The Washington Examiner has reported that President Joe Biden is trying again to forgive student loan debt and will likely take the issue into the 2024 election despite losing in the United States Supreme Court once.
The report said that Biden's Department of Education announced Friday that it would try again to cancel some student loan debt through an "adjustment" to the agency's income-driven repayment plan that could cancel $39 billion of debt for 800,000 borrowers.
"Starting today, over 800,000 student loan borrowers who have been repaying their loans for 20 years or more will see $39 billion of their loans discharged because of steps my Administration took to fix failures of the past," Biden said of the initiative in a July 14 statement. "These borrowers will join the millions of people that my Administration has provided relief to over the past two years — resulting in over $116 billion in loan relief to over 3 million borrowers under my Administration."
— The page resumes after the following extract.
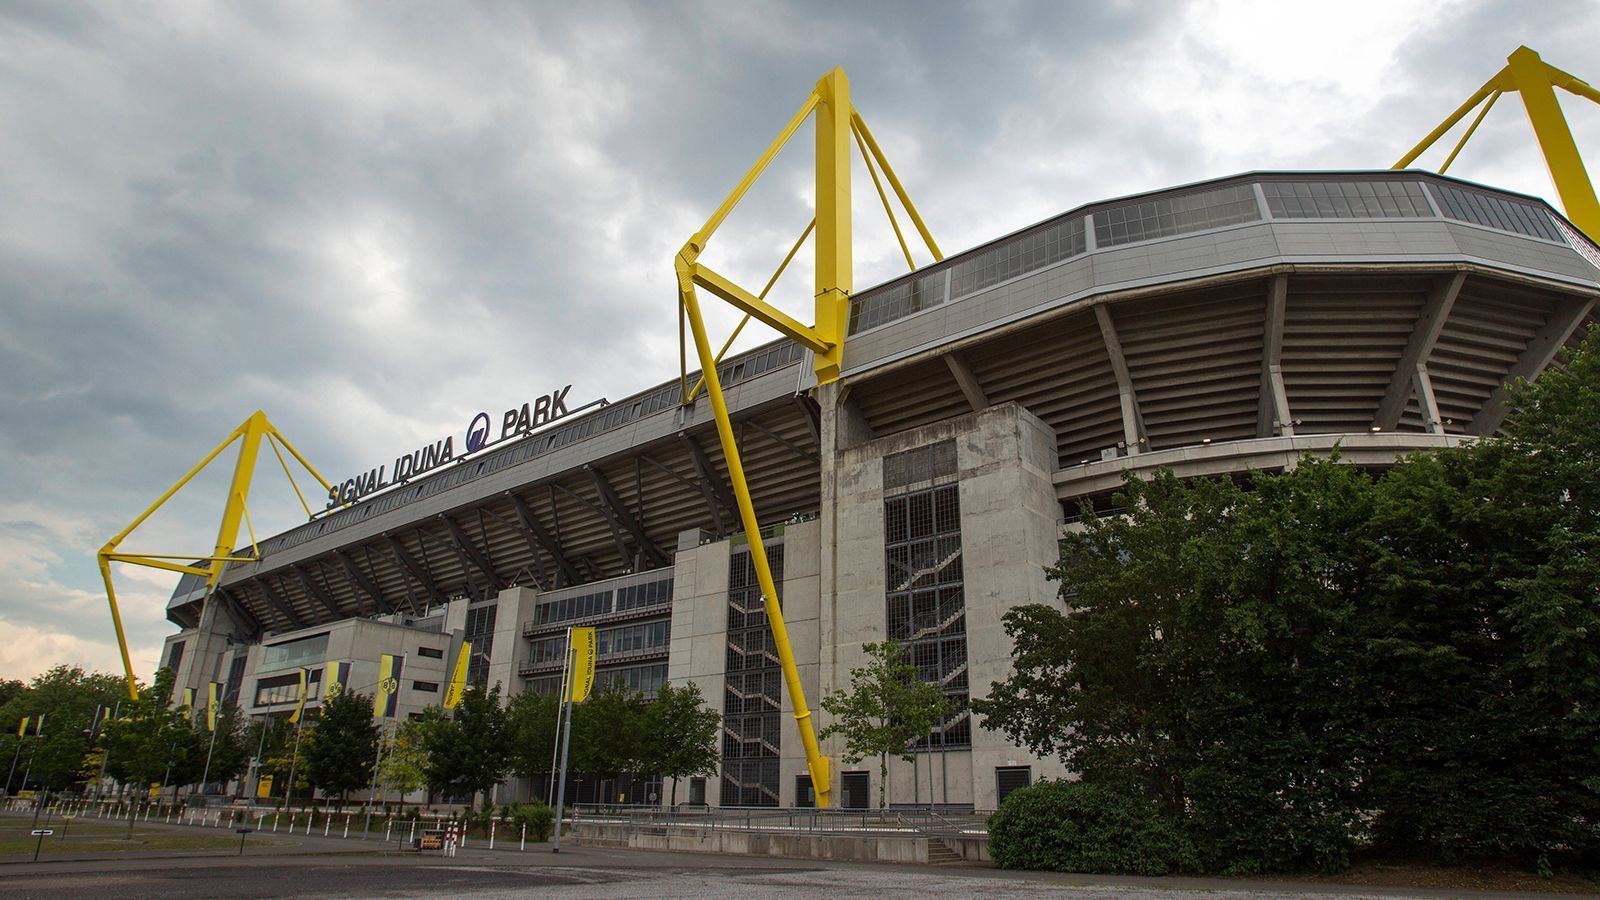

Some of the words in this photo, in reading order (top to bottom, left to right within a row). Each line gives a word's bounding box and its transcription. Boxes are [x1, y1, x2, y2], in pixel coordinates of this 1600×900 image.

[326, 465, 388, 511] SIGNAL
[392, 436, 455, 482] IDUNA
[501, 384, 572, 440] PARK
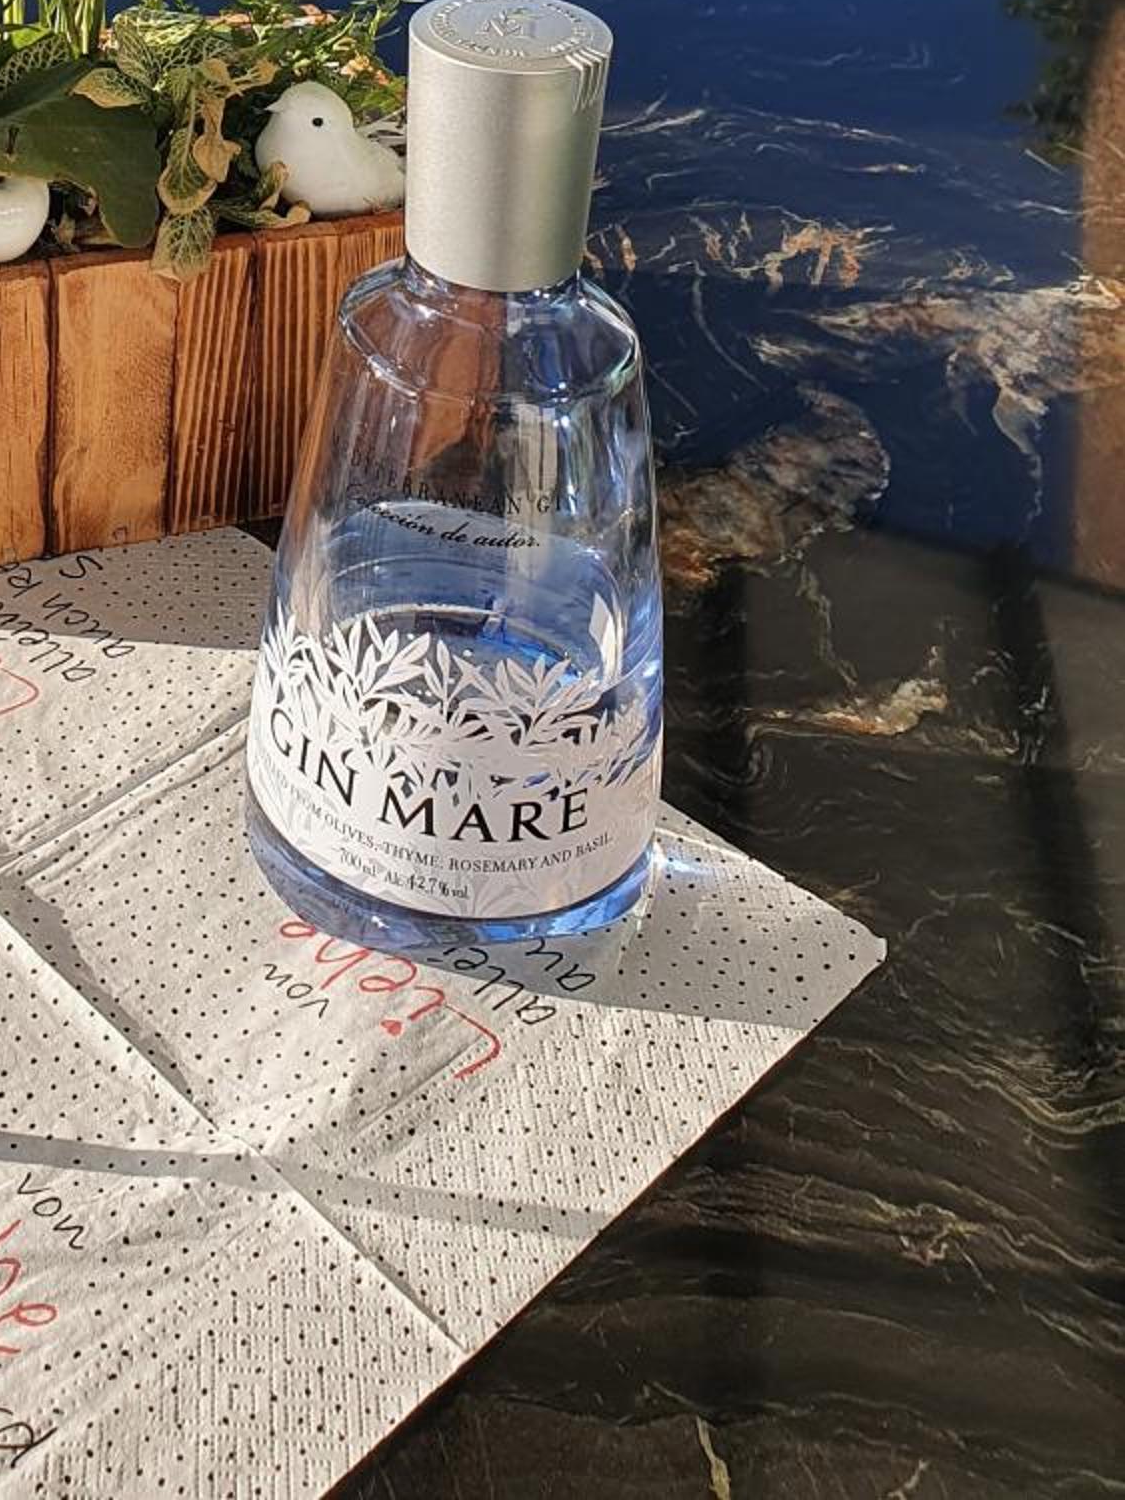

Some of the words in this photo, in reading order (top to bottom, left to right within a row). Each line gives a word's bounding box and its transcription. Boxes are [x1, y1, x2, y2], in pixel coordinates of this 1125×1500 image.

On Tuesday, the DOE published a list broken down by state, showing the number and amounts of loan forgiveness borrowers could receive as part of the new program, which targets those who have qualified for 20-25 years of IDR payments, according to the agency.
"For far too long, borrowers fell through the cracks of a broken system that failed to keep accurate track of their progress towards forgiveness," U.S. Secretary of Education Miguel Cardona said in the release on Friday. "Today, the Biden-Harris Administration is taking another historic step to right these wrongs and announcing $39 billion in debt relief for another 804,000 borrowers.
"By fixing past administrative failures, we are ensuring everyone gets the forgiveness they deserve, just as we have done for public servants, students who were cheated by their colleges, and borrowers with permanent disabilities, including veterans. This Administration will not stop fighting to level the playing field in higher education."
The Supreme Court voted down Biden's last attempt to forgive some $430 billion in student debt 6-3 in June.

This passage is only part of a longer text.